Hypoxia increases intracranial pressure (ICP) through cerebral vasodilation and vasogenic edema, placing individuals with preexisting intracranial abnormalities at risk. Patients with intracranial masses or hydrocephalus are particularly vulnerable—even minor increases in ICP can cause deterioration, as they are living near the limits of neurovascular autoregulation. Neurological decline at altitude has been reported with chronic hydrocephalus even during intermediate altitudes of commercial aircraft flight (Kutty et al., 2020; Nelson and Haymaker, 1957).
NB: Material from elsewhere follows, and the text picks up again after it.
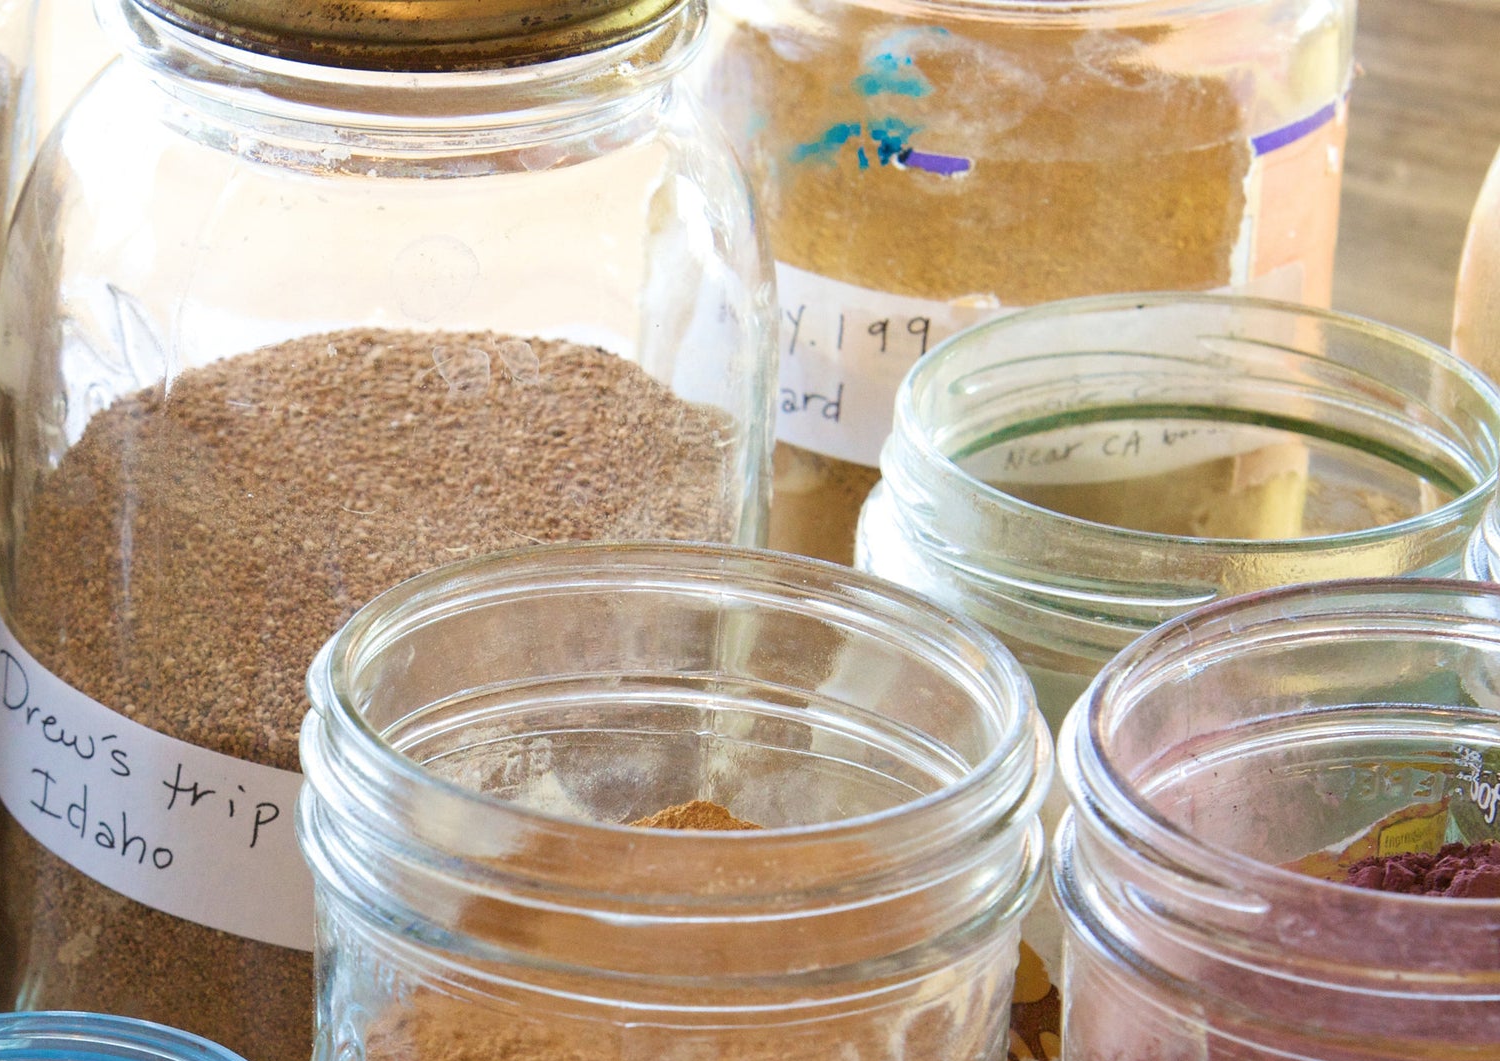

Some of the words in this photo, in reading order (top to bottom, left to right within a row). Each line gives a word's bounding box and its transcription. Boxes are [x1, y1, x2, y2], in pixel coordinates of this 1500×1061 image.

Colloid cysts are benign epithelial-lined lesions typically located in the third ventricle at the foramen of Monro, comprising ∼2% of primary brain tumors. Though colloid cysts are often asymptomatic, they may intermittently obstruct cerebrospinal fluid (CSF) flow, causing hydrocephalus and sudden neurological symptoms (Lawley et al., 2016). Obstruction may follow any situation that increases ICP. Environmental triggers like altitude and air travel have been associated with symptom onset (Kutty et al., 2020). While deaths linked to asymptomatic colloid cyst-related hydrocephalus during commercial and military air travel are documented (Nelson and Haymaker, 1957), there are no known published reports of hydrocephalus due to colloid cysts mimicking HACE during a mountain ascent.
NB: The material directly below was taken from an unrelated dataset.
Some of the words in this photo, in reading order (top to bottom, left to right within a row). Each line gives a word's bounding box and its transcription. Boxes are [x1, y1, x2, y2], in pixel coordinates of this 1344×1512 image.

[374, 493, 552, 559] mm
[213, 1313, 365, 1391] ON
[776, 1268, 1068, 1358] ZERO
We present a case of a young woman who was initially diagnosed with HACE after developing acute neurological symptoms at high altitude. However, she was found to have obstructive hydrocephalus from a colloid cyst. This case underscores the importance of maintaining a broad differential diagnosis when evaluating altered mental status at high altitudes.
Case Presentation
A 29-year-old woman presented to a rural emergency department in the Colorado Rocky Mountains at 1,780 m after rapidly ascending Castle Peak (4,349 m) and developing confusion, dysarthria, headache, nausea, and vomiting. She lived at 1,707 m and had camped overnight at 2,438 m before her first-ever >4,000 m summit. She and her companion left camp and summited in 7 hours, after which she described feeling “drunk.” After descending to 2,438 m, she briefly napped and awoke confused with slurred speech and headache and vomited. She had no prior medical history and denied alcohol or drug use. Her symptoms had not resolved upon descent to the emergency department.
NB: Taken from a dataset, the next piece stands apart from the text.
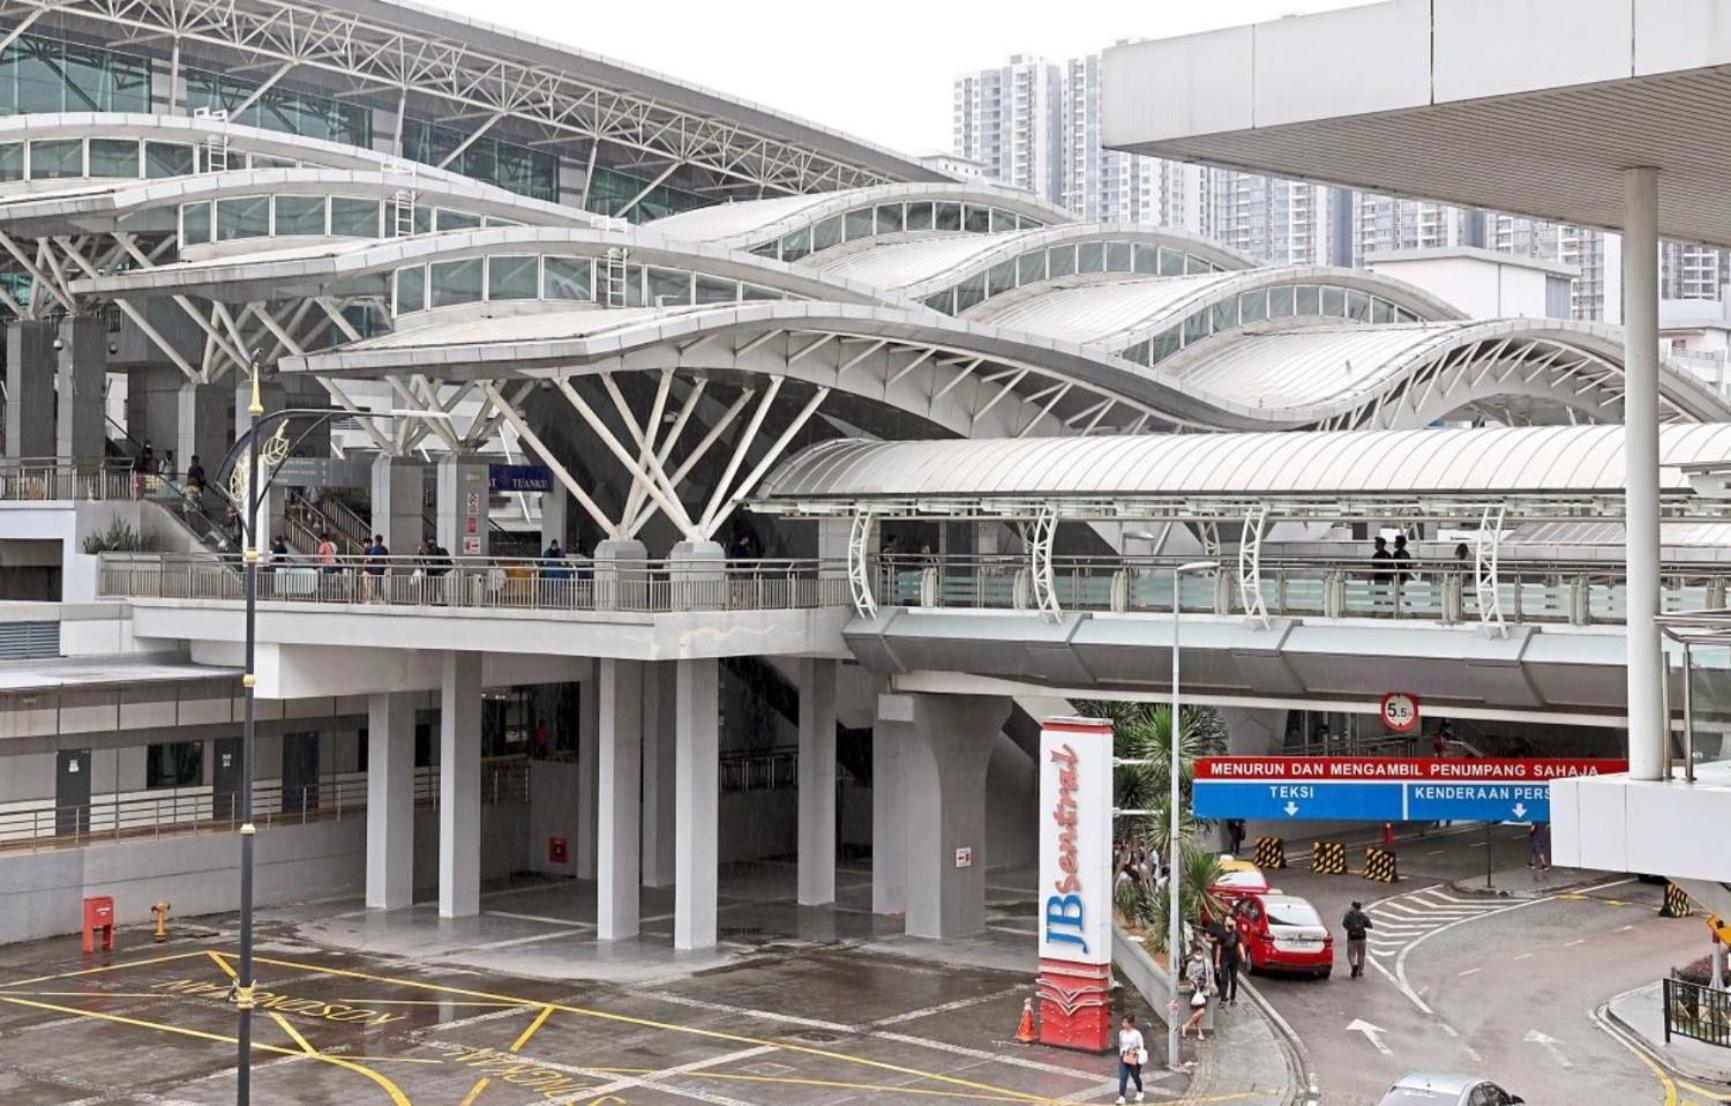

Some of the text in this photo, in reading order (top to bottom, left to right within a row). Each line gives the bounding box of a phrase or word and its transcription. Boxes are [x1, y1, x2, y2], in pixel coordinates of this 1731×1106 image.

[1211, 763, 1598, 777] MENURUN DAN MENGAMBIL PENUMPANG SAHAJA
[1269, 786, 1314, 798] TEKSI
[1414, 787, 1510, 799] KENDERAAN
On exam, her blood pressure was 85/61 mmHg, heart rate 100 bpm, and respiratory rate 26. She was afebrile with an SpO2 of 99% on room air. Neurological examination showed dysarthria and mild confusion without visual field deficits, papilledema, cranial nerve palsies, or focal deficits. Initial labs showed a white blood cell (WBC) count of 20,300 cells/ul, an elevated anion gap, but otherwise unremarkable findings on chemistries, urine drug screen, serum pregnancy test, urinalysis, chest radiograph, and respiratory viral panel. She received norepinephrine via a central line due to progressive hypotension and was started on intravenous (IV) antibiotics for possible sepsis.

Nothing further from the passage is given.